Interview with Amy Erickson

Published by Josh on

Image courtesy Iliff School of Theoloty

Image courtesy Iliff School of Theology

Amy Erickson is Associate Professor of Hebrew Bible at Iliff School of Theology. She did her MDiv at Columbia Theological Seminary, where she studied with Walter Brueggemann, and then went on to earn her PhD at Princeton Theological Seminary. See her full faculty bio here.

Dr. Erickson recently revised, updated, and wrote a new introduction for Brueggemann’s The Creative Word: Canon and Christian Imagination, and she has answered some questions about the book below.

When did you first encounter Walter and his work?

I started my MDiv at Columbia Theological Seminary in 1997. Although I was a complete literature geek, I hadn’t read past Genesis. Because I had only encountered the Bible through bad sermons, I assumed the Bible was preachy and theologically conservative.

Walter Brueggemann quickly and forcefully disabused me of my assumptions. Known for throwing himself against blackboards, shouting in a knowingly un-academic way in class, mischievously translating the Old Testament’s more vulgar expressions into the vernacular, and gleefully announcing that he was heading home to do exegesis in the same way one might proclaim, “I’m off to Hawaii!” Walter embodied his bracingly invigorating approach to the Bible and I was hooked from Day 1.

How did this project come about? What was interesting to you about this particular book?

Since the publication of The Creative Word in 1982, scholarship on canonization has exploded. A whole host of biblical scholars, using a variety of methods and aided by a range of extradisciplinary theory, has weighed in on the development and function of the canon as a whole and of particular canonical groupings.

This work has pushed the field in a number of exciting directions; and yet, few have addressed the topic of canon from the standpoint of education for and in the mainline church, and none have done so in a way as compelling and accessible as Brueggemann has in this book.

What is it like to work with Walter’s material?

Intimidating! I have not just been reading Walter’s work since the late 1990s, I have been deeply formed by it – not just by his ideas and the way he approaches a text but by the cadence and force of his writing. Bringing myself to mess with Walter’s particular use of the English language was the most challenging aspect of the entire project.

How do you hope this book is used?

I hope it won’t be confined to religious or Christian education classes and circles. There is so much wisdom in this book – for teachers and pastors alike. So many mainline churches are struggling to articulate (and put into practice) their identities.

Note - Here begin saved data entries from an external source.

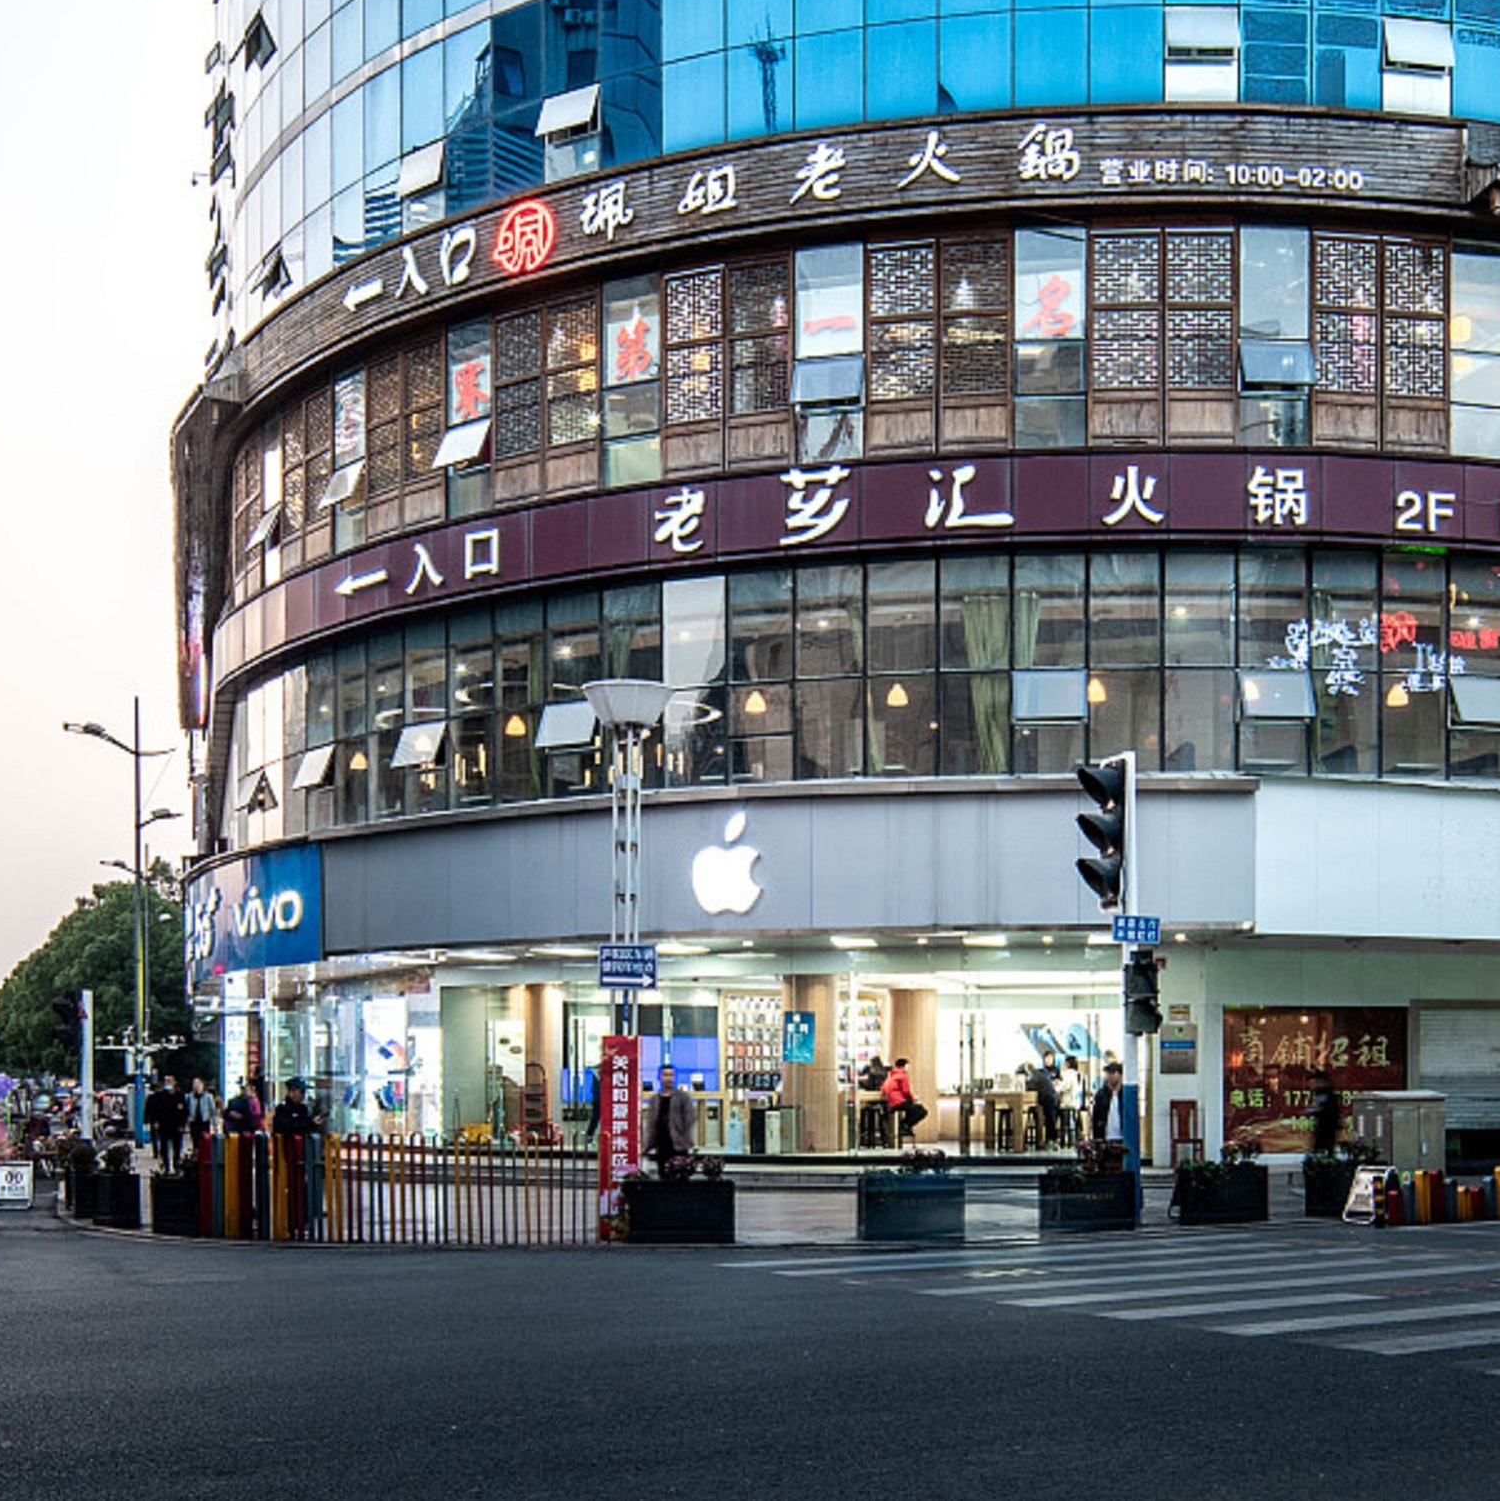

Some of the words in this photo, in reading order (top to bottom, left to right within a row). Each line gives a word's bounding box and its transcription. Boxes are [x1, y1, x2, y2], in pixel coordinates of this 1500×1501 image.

[1225, 165, 1364, 189] 10:00-02:00
[394, 226, 476, 298] 入口
[1396, 490, 1457, 532] 2F
[406, 528, 499, 594] 入口
[232, 886, 304, 938] vivo
[1240, 1026, 1391, 1076] 商铺招租

In my experience, church communities tend to organize themselves like cable news stations: the MSNBC church, the Fox News congregation, and the Al Jazeera community. Modeled as such, “church” becomes familiar, bland, and so utterly predictable that there is little room for growth or change.

By insisting that the entire community appreciate the various modes exemplified in each of the three divisions of the canon, Brueggemann not only exposes our tendency to become settled and to silence or marginalize the voices that threaten to disrupt our narrow but secure perceptions of truth, he also offers church communities a way to imagine how they might educate their members into a different way of being and invite them into an alternative world. The diversity in the canon becomes a model for the community in the church.